When you reply, transcribe every line of the data below exactly.
(TASK INPUT Opens)
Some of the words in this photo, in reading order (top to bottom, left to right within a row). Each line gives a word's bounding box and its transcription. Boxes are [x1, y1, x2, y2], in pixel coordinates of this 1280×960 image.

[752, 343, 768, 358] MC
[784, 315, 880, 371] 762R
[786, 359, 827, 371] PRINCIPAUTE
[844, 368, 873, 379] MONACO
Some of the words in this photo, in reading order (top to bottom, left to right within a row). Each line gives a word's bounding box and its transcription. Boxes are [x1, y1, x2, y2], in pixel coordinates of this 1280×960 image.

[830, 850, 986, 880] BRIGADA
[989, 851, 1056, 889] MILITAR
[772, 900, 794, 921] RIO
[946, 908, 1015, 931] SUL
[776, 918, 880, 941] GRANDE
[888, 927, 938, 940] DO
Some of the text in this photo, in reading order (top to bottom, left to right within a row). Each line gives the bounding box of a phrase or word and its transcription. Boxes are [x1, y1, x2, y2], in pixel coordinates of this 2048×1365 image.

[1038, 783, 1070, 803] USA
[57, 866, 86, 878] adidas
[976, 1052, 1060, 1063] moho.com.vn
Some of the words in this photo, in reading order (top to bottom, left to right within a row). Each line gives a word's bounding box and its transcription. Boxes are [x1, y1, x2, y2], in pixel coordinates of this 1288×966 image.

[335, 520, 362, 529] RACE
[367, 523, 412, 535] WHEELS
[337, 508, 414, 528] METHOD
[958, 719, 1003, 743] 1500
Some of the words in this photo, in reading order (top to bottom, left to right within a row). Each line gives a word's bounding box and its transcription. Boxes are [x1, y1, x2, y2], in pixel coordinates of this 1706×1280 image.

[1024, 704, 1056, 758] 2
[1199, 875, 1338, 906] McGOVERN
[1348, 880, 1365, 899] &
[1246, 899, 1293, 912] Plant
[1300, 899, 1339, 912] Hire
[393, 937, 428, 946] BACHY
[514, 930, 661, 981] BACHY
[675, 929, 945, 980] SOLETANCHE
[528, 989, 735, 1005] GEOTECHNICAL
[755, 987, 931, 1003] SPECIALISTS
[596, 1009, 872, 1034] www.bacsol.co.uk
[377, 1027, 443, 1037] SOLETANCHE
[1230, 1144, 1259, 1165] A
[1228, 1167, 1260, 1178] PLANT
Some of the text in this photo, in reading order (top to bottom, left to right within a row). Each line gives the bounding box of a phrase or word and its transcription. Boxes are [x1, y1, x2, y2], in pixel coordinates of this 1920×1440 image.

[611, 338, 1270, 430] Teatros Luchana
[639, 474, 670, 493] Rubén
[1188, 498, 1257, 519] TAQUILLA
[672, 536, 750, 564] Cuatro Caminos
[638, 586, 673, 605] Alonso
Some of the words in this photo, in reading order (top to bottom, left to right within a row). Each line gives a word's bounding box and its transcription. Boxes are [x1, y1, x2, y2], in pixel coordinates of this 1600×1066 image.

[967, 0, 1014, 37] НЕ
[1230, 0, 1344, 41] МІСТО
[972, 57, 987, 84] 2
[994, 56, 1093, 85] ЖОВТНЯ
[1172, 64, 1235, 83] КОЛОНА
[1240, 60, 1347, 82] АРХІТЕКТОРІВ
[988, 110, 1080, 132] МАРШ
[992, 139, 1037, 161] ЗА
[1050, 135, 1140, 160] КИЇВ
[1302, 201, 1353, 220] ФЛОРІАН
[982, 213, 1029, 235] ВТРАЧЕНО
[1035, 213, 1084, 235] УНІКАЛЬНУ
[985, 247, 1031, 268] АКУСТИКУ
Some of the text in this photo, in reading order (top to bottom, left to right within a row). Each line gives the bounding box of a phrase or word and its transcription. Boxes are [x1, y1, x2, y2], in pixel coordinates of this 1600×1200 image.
(TASK INPUT Closes)
■ **SOLVED EXERCISE**:
Some of the words in this photo, in reading order (top to bottom, left to right within a row). Each line gives a word's bounding box and its transcription. Boxes are [x1, y1, x2, y2], in pixel coordinates of this 1280×960 image.

[752, 343, 768, 358] MC
[784, 315, 880, 371] 762R
[786, 359, 827, 371] PRINCIPAUTE
[844, 368, 873, 379] MONACO
Some of the words in this photo, in reading order (top to bottom, left to right within a row). Each line gives a word's bounding box and its transcription. Boxes are [x1, y1, x2, y2], in pixel coordinates of this 1280×960 image.

[830, 850, 986, 880] BRIGADA
[989, 851, 1056, 889] MILITAR
[772, 900, 794, 921] RIO
[946, 908, 1015, 931] SUL
[776, 918, 880, 941] GRANDE
[888, 927, 938, 940] DO
Some of the text in this photo, in reading order (top to bottom, left to right within a row). Each line gives the bounding box of a phrase or word and its transcription. Boxes are [x1, y1, x2, y2], in pixel coordinates of this 2048×1365 image.

[1038, 783, 1070, 803] USA
[57, 866, 86, 878] adidas
[976, 1052, 1060, 1063] moho.com.vn
Some of the words in this photo, in reading order (top to bottom, left to right within a row). Each line gives a word's bounding box and its transcription. Boxes are [x1, y1, x2, y2], in pixel coordinates of this 1288×966 image.

[335, 520, 362, 529] RACE
[367, 523, 412, 535] WHEELS
[337, 508, 414, 528] METHOD
[958, 719, 1003, 743] 1500
Some of the words in this photo, in reading order (top to bottom, left to right within a row). Each line gives a word's bounding box and its transcription. Boxes are [x1, y1, x2, y2], in pixel coordinates of this 1706×1280 image.

[1024, 704, 1056, 758] 2
[1199, 875, 1338, 906] McGOVERN
[1348, 880, 1365, 899] &
[1246, 899, 1293, 912] Plant
[1300, 899, 1339, 912] Hire
[393, 937, 428, 946] BACHY
[514, 930, 661, 981] BACHY
[675, 929, 945, 980] SOLETANCHE
[528, 989, 735, 1005] GEOTECHNICAL
[755, 987, 931, 1003] SPECIALISTS
[596, 1009, 872, 1034] www.bacsol.co.uk
[377, 1027, 443, 1037] SOLETANCHE
[1230, 1144, 1259, 1165] A
[1228, 1167, 1260, 1178] PLANT
Some of the text in this photo, in reading order (top to bottom, left to right within a row). Each line gives the bounding box of a phrase or word and its transcription. Boxes are [x1, y1, x2, y2], in pixel coordinates of this 1920×1440 image.

[611, 338, 1270, 430] Teatros Luchana
[639, 474, 670, 493] Rubén
[1188, 498, 1257, 519] TAQUILLA
[672, 536, 750, 564] Cuatro Caminos
[638, 586, 673, 605] Alonso
Some of the words in this photo, in reading order (top to bottom, left to right within a row). Each line gives a word's bounding box and its transcription. Boxes are [x1, y1, x2, y2], in pixel coordinates of this 1600×1066 image.

[967, 0, 1014, 37] НЕ
[1230, 0, 1344, 41] МІСТО
[972, 57, 987, 84] 2
[994, 56, 1093, 85] ЖОВТНЯ
[1172, 64, 1235, 83] КОЛОНА
[1240, 60, 1347, 82] АРХІТЕКТОРІВ
[988, 110, 1080, 132] МАРШ
[992, 139, 1037, 161] ЗА
[1050, 135, 1140, 160] КИЇВ
[1302, 201, 1353, 220] ФЛОРІАН
[982, 213, 1029, 235] ВТРАЧЕНО
[1035, 213, 1084, 235] УНІКАЛЬНУ
[985, 247, 1031, 268] АКУСТИКУ
Some of the text in this photo, in reading order (top to bottom, left to right within a row). Each line gives the bounding box of a phrase or word and its transcription. Boxes are [x1, y1, x2, y2], in pixel coordinates of this 1600×1200 image.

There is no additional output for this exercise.